## Directions
Copy every record exactly, leaving the pictures out.

## Exercise material
================================

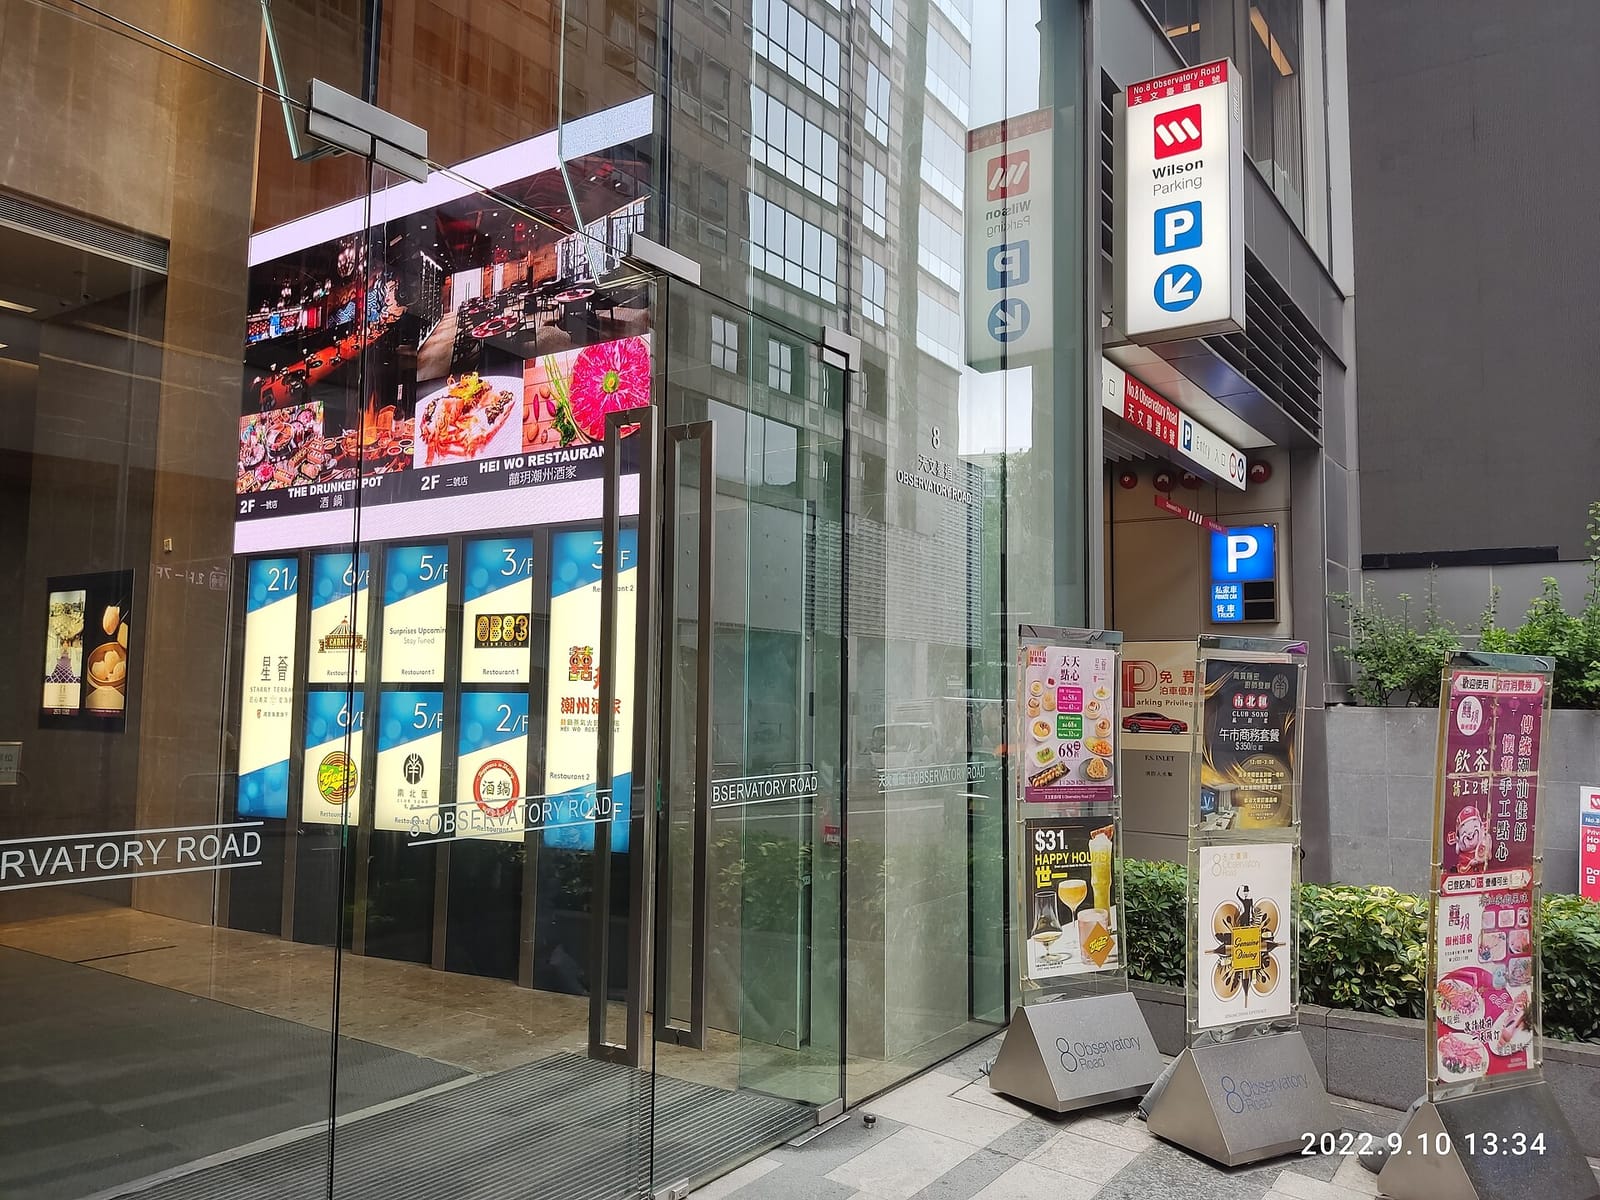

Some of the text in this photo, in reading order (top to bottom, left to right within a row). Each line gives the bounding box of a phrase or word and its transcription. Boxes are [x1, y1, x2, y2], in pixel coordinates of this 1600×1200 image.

[1133, 65, 1220, 94] No.8 Observatory Road
[1152, 158, 1204, 179] Wilson
[1153, 175, 1203, 196] Parking
[1164, 209, 1194, 248] P
[1127, 379, 1178, 426] No.8 Observatory Road
[931, 426, 940, 450] 8
[479, 460, 500, 474] HEI
[503, 457, 524, 470] WO
[288, 476, 384, 498] THE DRUNKEN POT
[420, 474, 441, 491] 2F
[896, 470, 972, 504] OBSERVATORY ROAD
[240, 499, 256, 514] 2F
[319, 494, 344, 509] 酒鍋
[1227, 534, 1258, 573] P
[390, 628, 416, 636] Surprises
[1060, 655, 1080, 668] 天天
[1060, 668, 1080, 681] 點心
[1218, 728, 1280, 743] 午市商務套餐
[1455, 748, 1489, 773] 飲茶
[550, 772, 582, 780] Restaurant
[790, 776, 818, 794] ROAD
[914, 767, 966, 785] OBSERVATORY
[967, 766, 986, 779] ROAD
[429, 801, 563, 836] OBSERVATORY
[568, 796, 613, 820] ROAD
[177, 831, 263, 863] ROAD
[1035, 852, 1069, 866] HAPPY
[1035, 866, 1068, 888] 世一
[1235, 948, 1258, 960] Dining
[1056, 1036, 1142, 1073] 8 Observatory
[1079, 1054, 1105, 1071] Road
[1221, 1073, 1308, 1114] 8 Observatory
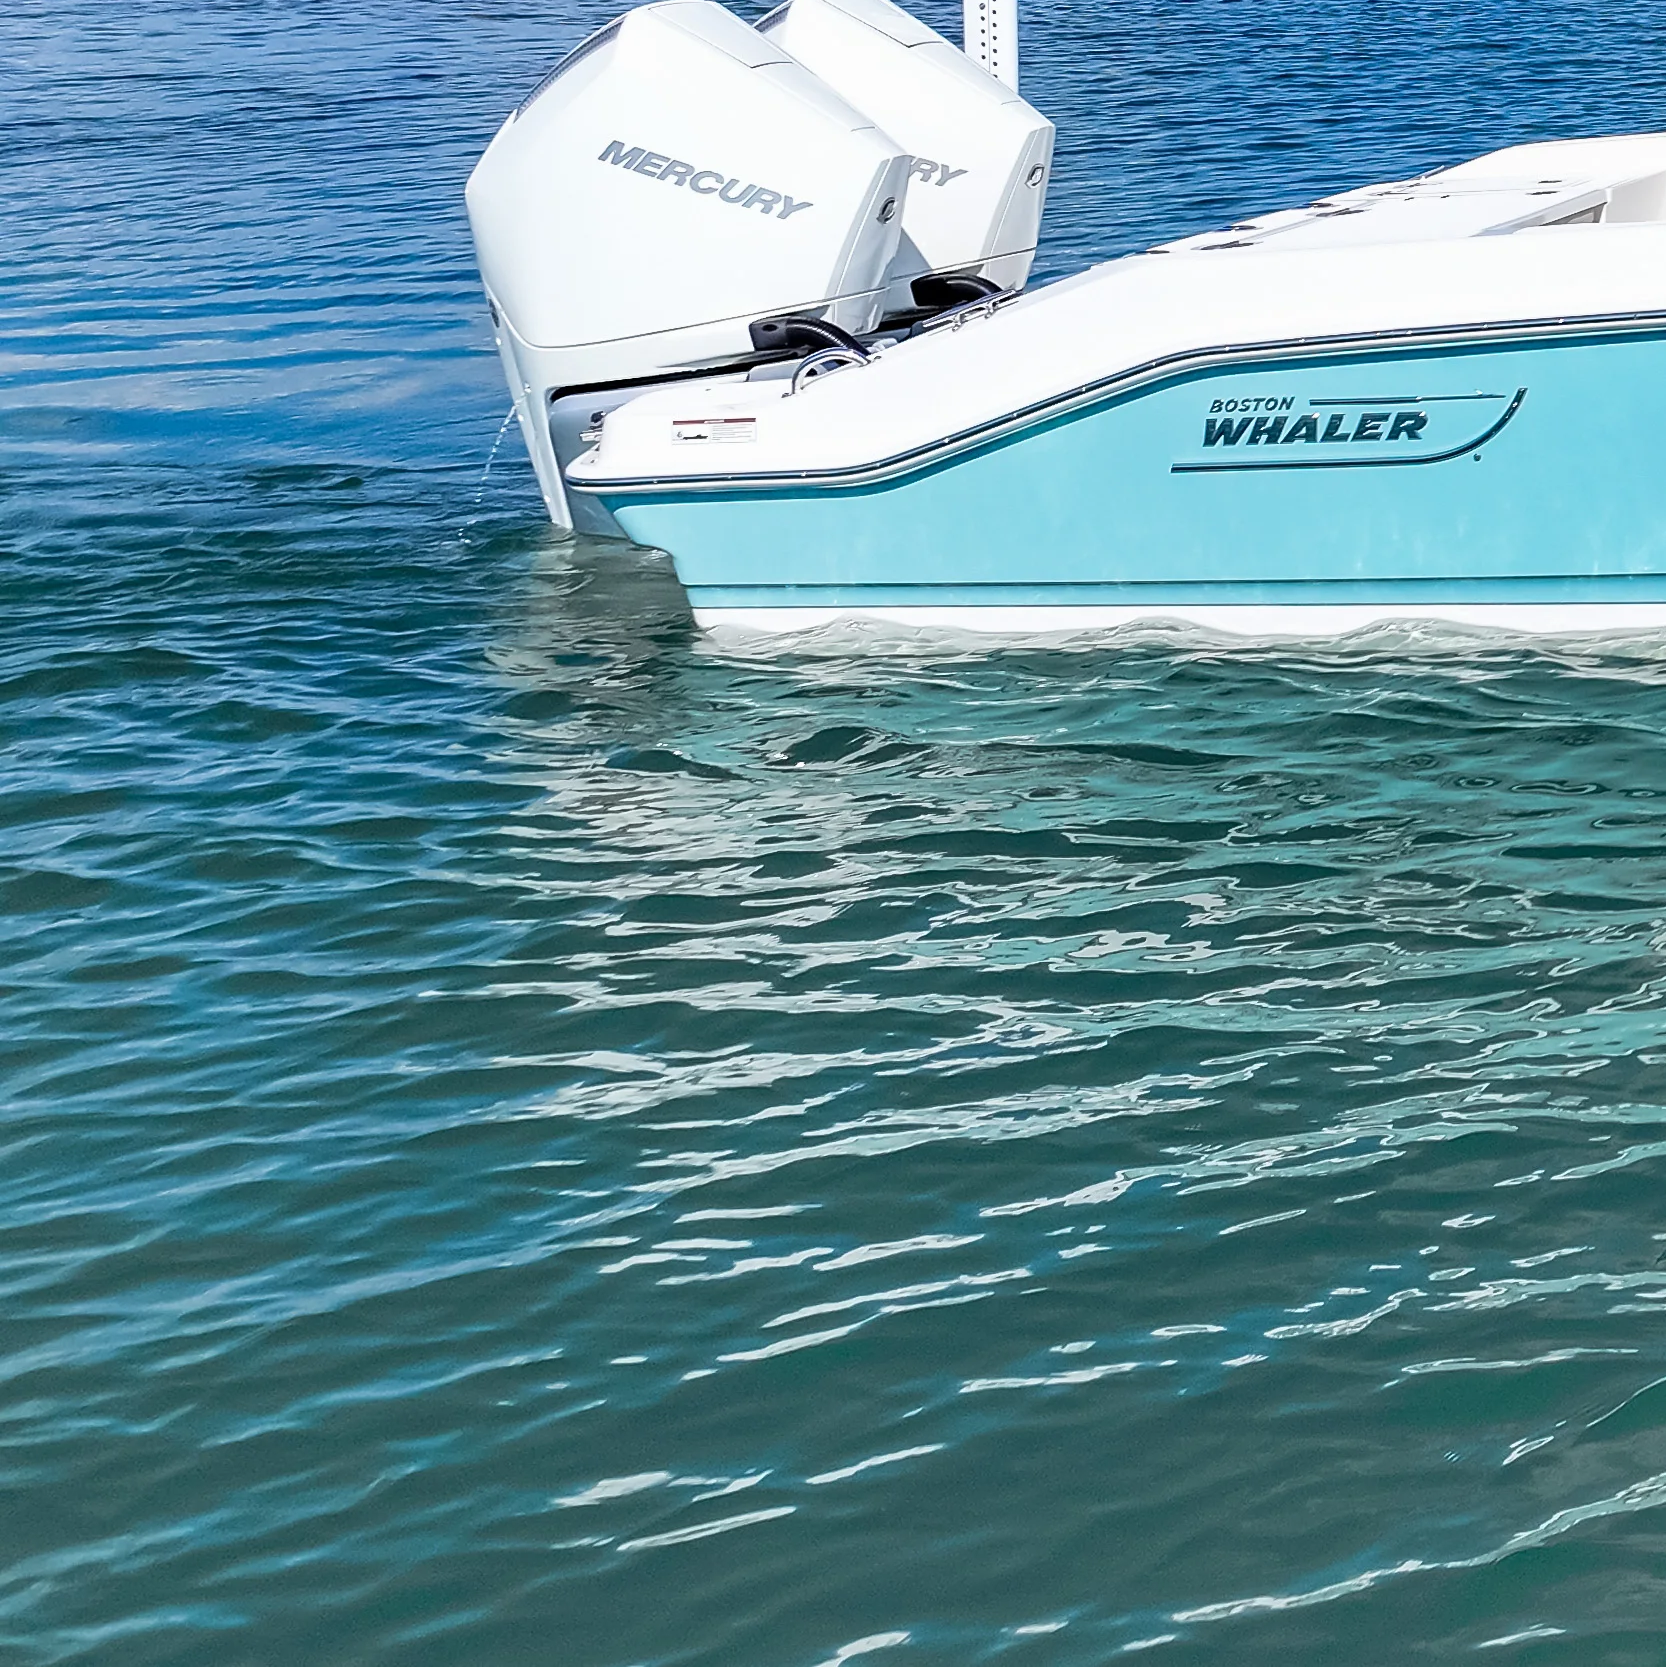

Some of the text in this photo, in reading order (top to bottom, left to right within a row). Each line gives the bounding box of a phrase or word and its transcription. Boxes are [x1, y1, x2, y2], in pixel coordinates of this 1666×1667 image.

[597, 140, 814, 219] MERCURY
[1209, 396, 1295, 413] BOSTON
[1202, 411, 1428, 447] WHALER
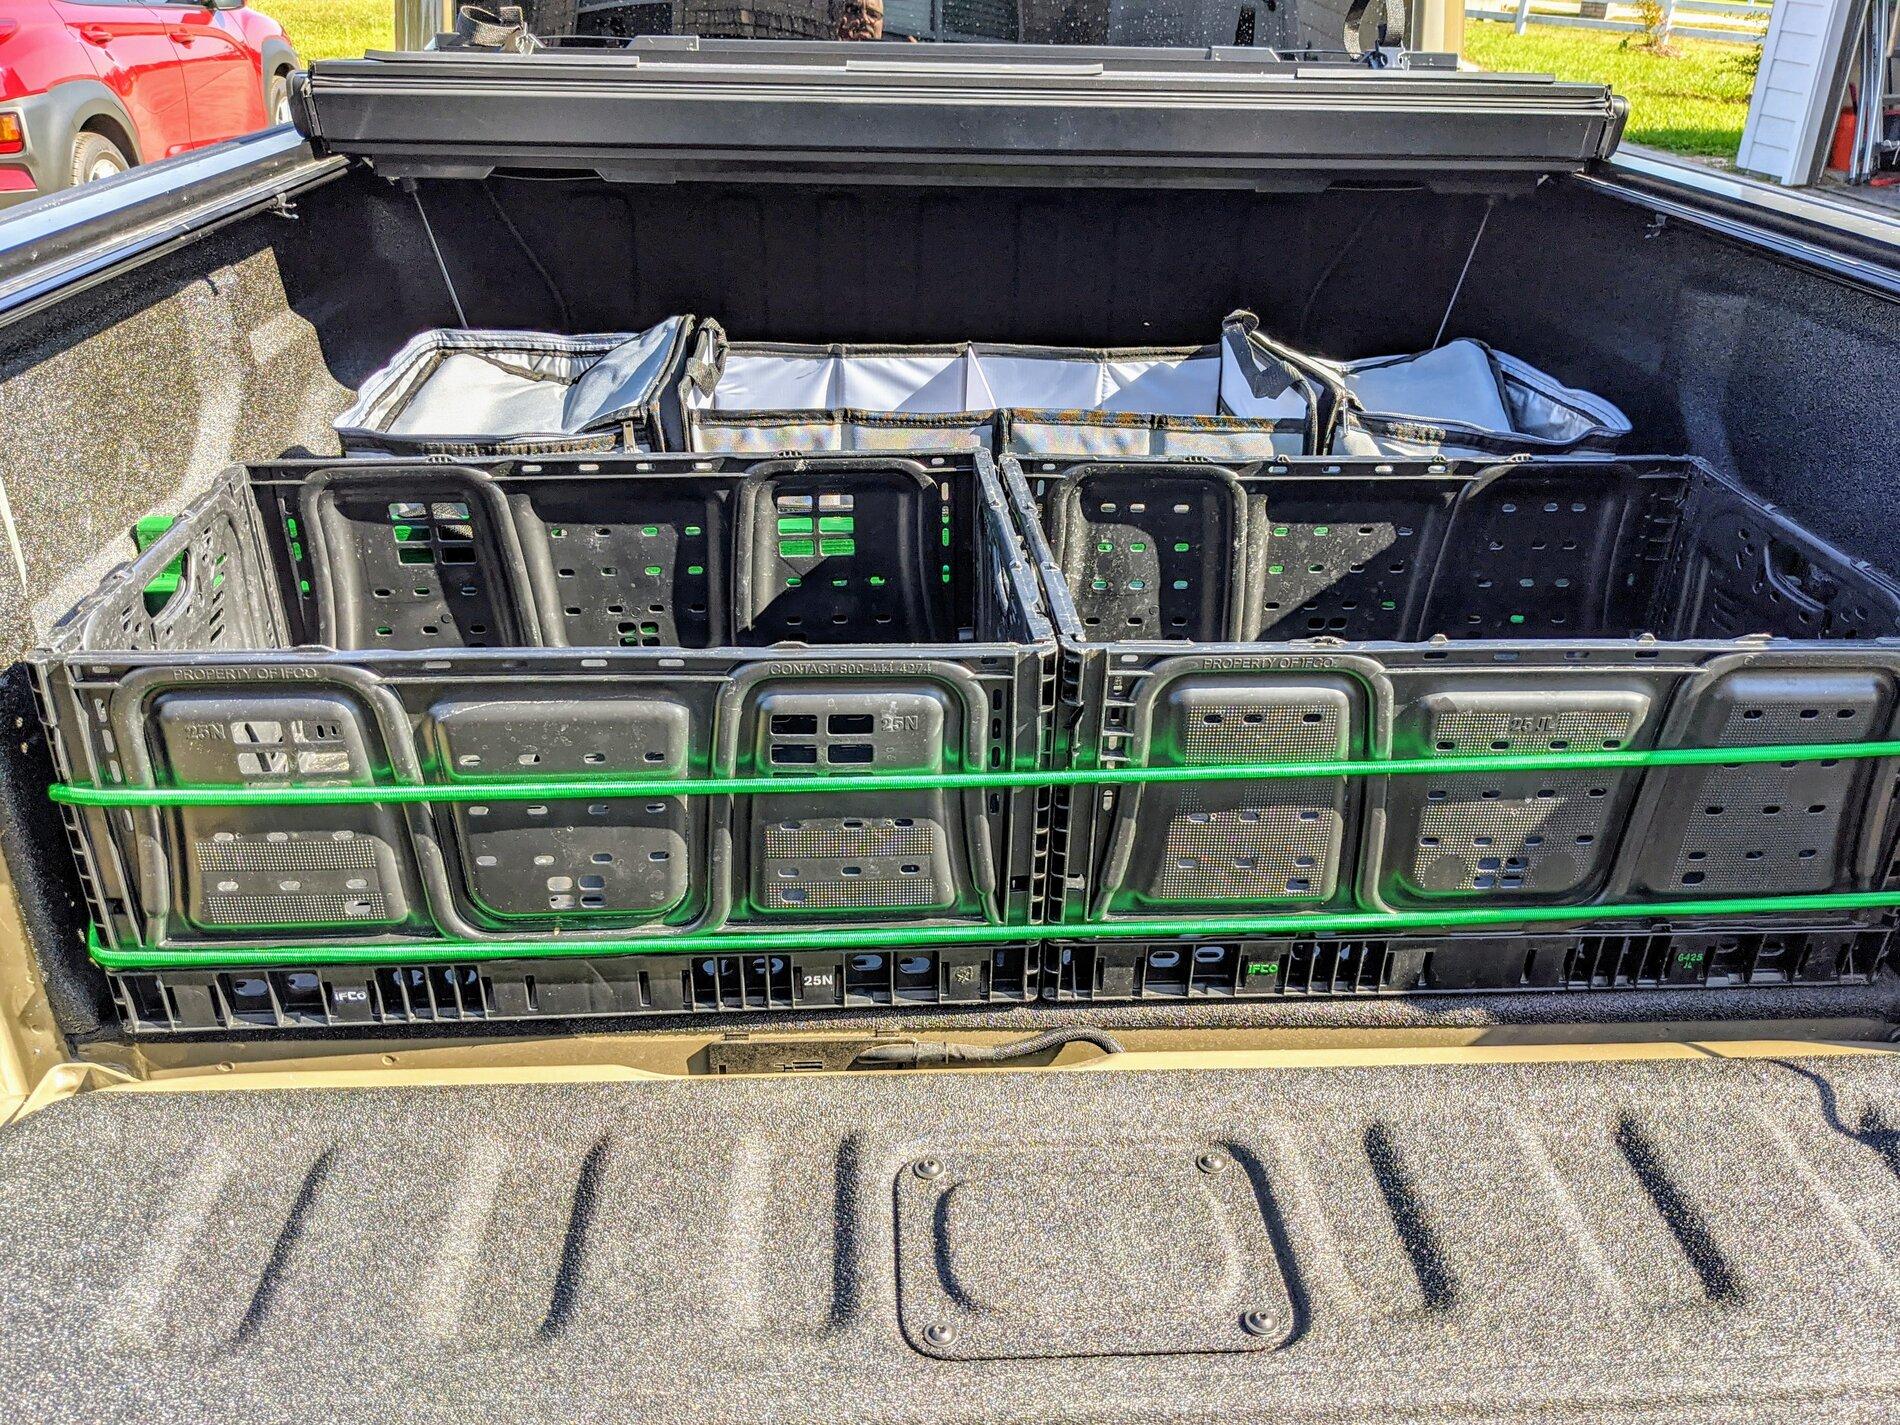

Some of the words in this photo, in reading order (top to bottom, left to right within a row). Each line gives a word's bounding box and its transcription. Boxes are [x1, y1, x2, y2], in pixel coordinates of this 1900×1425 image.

[769, 662, 837, 676] CONTACT
[1203, 656, 1277, 669] PROPERTY
[1280, 656, 1299, 668] OF
[1301, 656, 1334, 668] IFCO
[172, 666, 252, 681] PROPERTY
[256, 667, 278, 680] OF
[281, 667, 318, 680] IFCO
[880, 714, 919, 732] 25N
[1510, 716, 1534, 732] 25
[1535, 715, 1556, 732] JL
[184, 721, 227, 741] 25N
[1247, 963, 1279, 975] IFCO
[803, 973, 833, 987] 25N
[333, 989, 368, 1001] IFCO

================================

## Response to this task
Some of the text in this photo, in reading order (top to bottom, left to right within a row). Each line gives the bounding box of a phrase or word and its transcription. Boxes are [x1, y1, x2, y2], in pixel coordinates of this 1600×1200 image.

[1133, 65, 1220, 94] No.8 Observatory Road
[1152, 158, 1204, 179] Wilson
[1153, 175, 1203, 196] Parking
[1164, 209, 1194, 248] P
[1127, 379, 1178, 426] No.8 Observatory Road
[931, 426, 940, 450] 8
[479, 460, 500, 474] HEI
[503, 457, 524, 470] WO
[288, 476, 384, 498] THE DRUNKEN POT
[420, 474, 441, 491] 2F
[896, 470, 972, 504] OBSERVATORY ROAD
[240, 499, 256, 514] 2F
[319, 494, 344, 509] 酒鍋
[1227, 534, 1258, 573] P
[390, 628, 416, 636] Surprises
[1060, 655, 1080, 668] 天天
[1060, 668, 1080, 681] 點心
[1218, 728, 1280, 743] 午市商務套餐
[1455, 748, 1489, 773] 飲茶
[550, 772, 582, 780] Restaurant
[790, 776, 818, 794] ROAD
[914, 767, 966, 785] OBSERVATORY
[967, 766, 986, 779] ROAD
[429, 801, 563, 836] OBSERVATORY
[568, 796, 613, 820] ROAD
[177, 831, 263, 863] ROAD
[1035, 852, 1069, 866] HAPPY
[1035, 866, 1068, 888] 世一
[1235, 948, 1258, 960] Dining
[1056, 1036, 1142, 1073] 8 Observatory
[1079, 1054, 1105, 1071] Road
[1221, 1073, 1308, 1114] 8 Observatory

Some of the text in this photo, in reading order (top to bottom, left to right within a row). Each line gives the bounding box of a phrase or word and its transcription. Boxes are [x1, y1, x2, y2], in pixel coordinates of this 1666×1667 image.

[597, 140, 814, 219] MERCURY
[1209, 396, 1295, 413] BOSTON
[1202, 411, 1428, 447] WHALER

Some of the words in this photo, in reading order (top to bottom, left to right within a row). Each line gives a word's bounding box and its transcription. Boxes are [x1, y1, x2, y2], in pixel coordinates of this 1900×1425 image.

[769, 662, 837, 676] CONTACT
[1203, 656, 1277, 669] PROPERTY
[1280, 656, 1299, 668] OF
[1301, 656, 1334, 668] IFCO
[172, 666, 252, 681] PROPERTY
[256, 667, 278, 680] OF
[281, 667, 318, 680] IFCO
[880, 714, 919, 732] 25N
[1510, 716, 1534, 732] 25
[1535, 715, 1556, 732] JL
[184, 721, 227, 741] 25N
[1247, 963, 1279, 975] IFCO
[803, 973, 833, 987] 25N
[333, 989, 368, 1001] IFCO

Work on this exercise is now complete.